August 2nd of last year is the day Gary and I left Dallas, Texas for Pensacola, Florida to continue my treatment for cancer. A week prior to leaving, I had dinner with my family that lives in Dallas and I wrote a post specially about my dad.
It was a year ago in that post ‘The shell of a man‘, I wrote the following words –
Later after dinner I was back home and my stepmom sent me a couple of photos she had taken earlier that evening of my dad, my older brother and myself. It was not until I viewed those pictures, that I saw my dad in a different way. His body, his shell is deteriorating; as if it is already decaying, already having life drained from it. It saddens me to see him in this state, because I know he will be gone from this world soon.
In today’s post, I write the following words –
January 16th of this year, I had a major surgery that lasted 10 ½ hours to remove my bladder, prostate, lymph nodes and other male organs. This surgery is the usual course of action to take when cancer begins in the bladder. Bladder cancer easily comes back and easily spreads. It was expected because of that surgery I would lose 10-15 lbs. of body weight. Instead, I lost 23 lbs. of body weight and now 3 months later, I have lost more weight – for a total of 30 lbs. body weight.

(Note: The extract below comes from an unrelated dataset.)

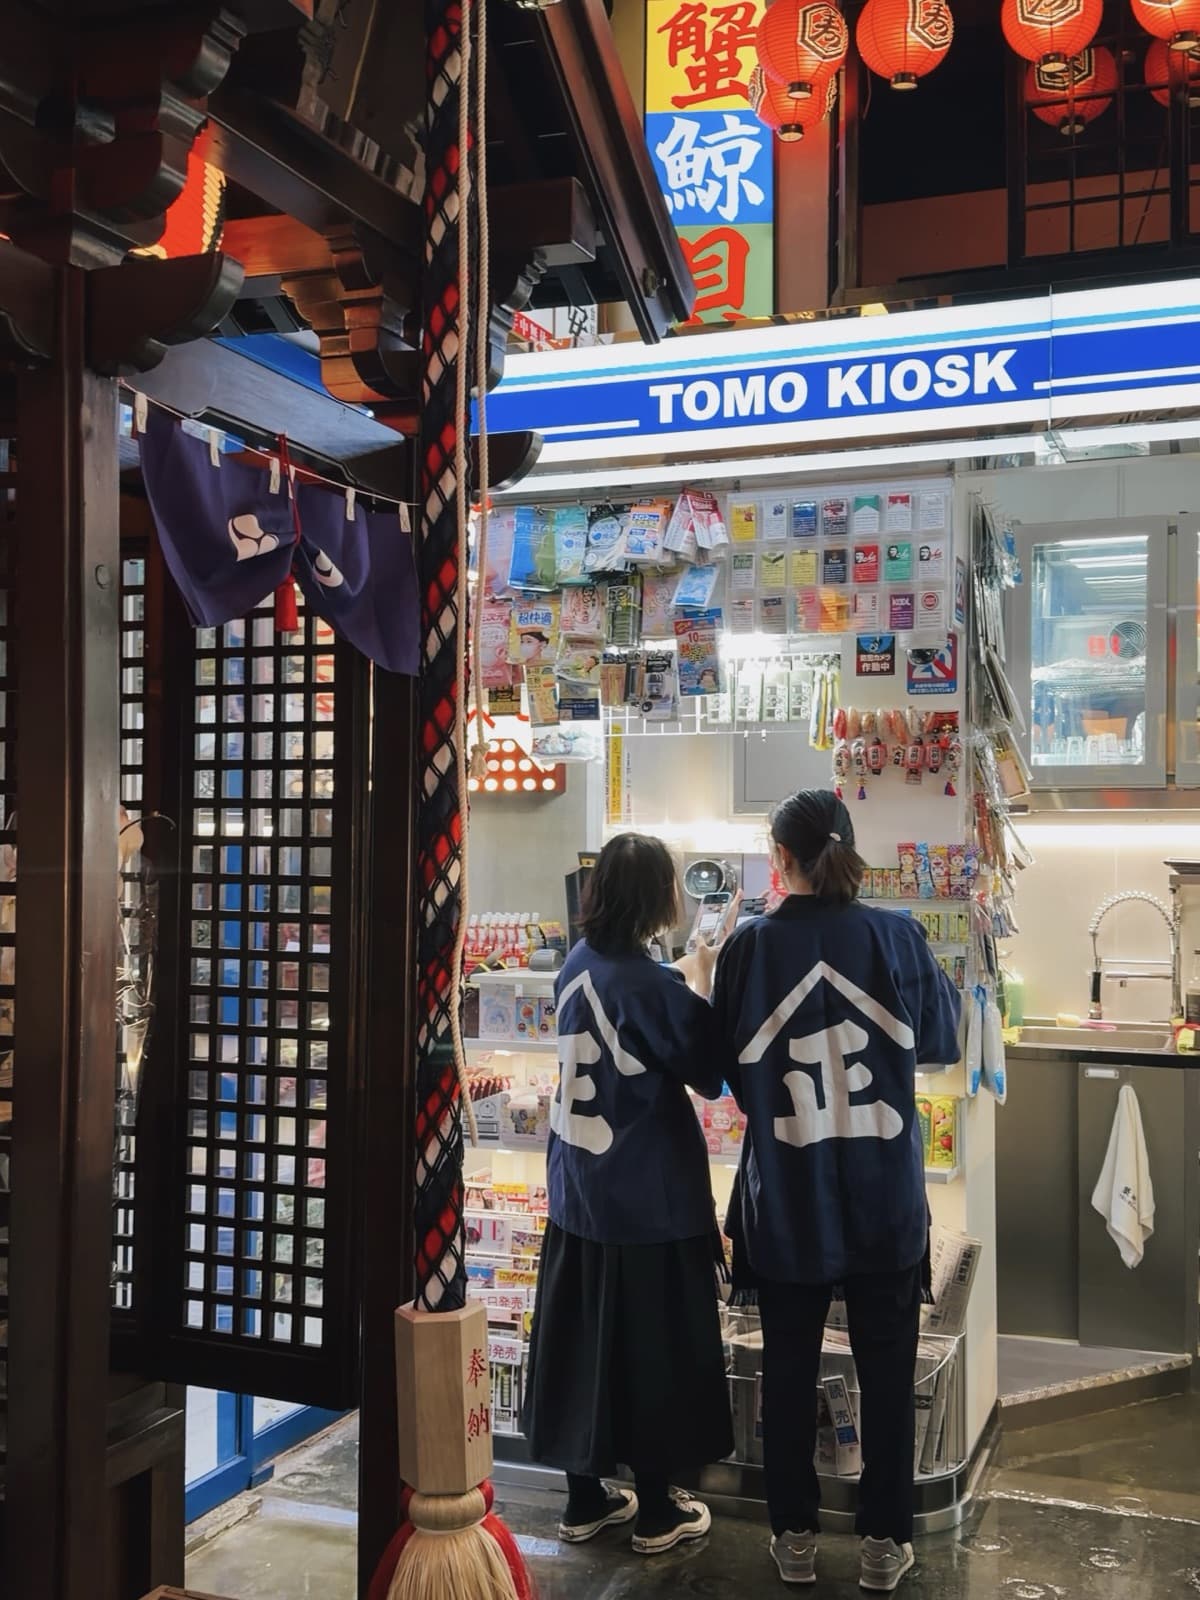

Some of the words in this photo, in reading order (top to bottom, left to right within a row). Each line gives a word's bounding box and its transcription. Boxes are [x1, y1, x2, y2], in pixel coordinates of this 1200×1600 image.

I weigh less than my dad now, and like him, I find myself a shell of a man. My bones ache and my intestines will never feel the same. As I wrote about my dad almost a year ago, I now write about myself. I feel my body is deteriorating; as if it is already decaying, already having life drained from it. It saddens me to see myself in this state.
I hide nothing on this blog, my life from years ago and today is here in writing, pictures and videos. I pretend to be nothing more than an average man, living an average life.
Less than 2 years ago, it was noticed and through a series of events that I never expected, I am now here today with Stage 4 Bladder Cancer. This is my cancer, it does not belong to anyone else and it effects my body the way it wants to. I do fight back with what I have available to me; from doctors to family to internal strength, a spouse that is always here for me, and to some sort of guidance from somewhere else.
I have no shame in displaying these pictures of me at my worse – my body – my shell.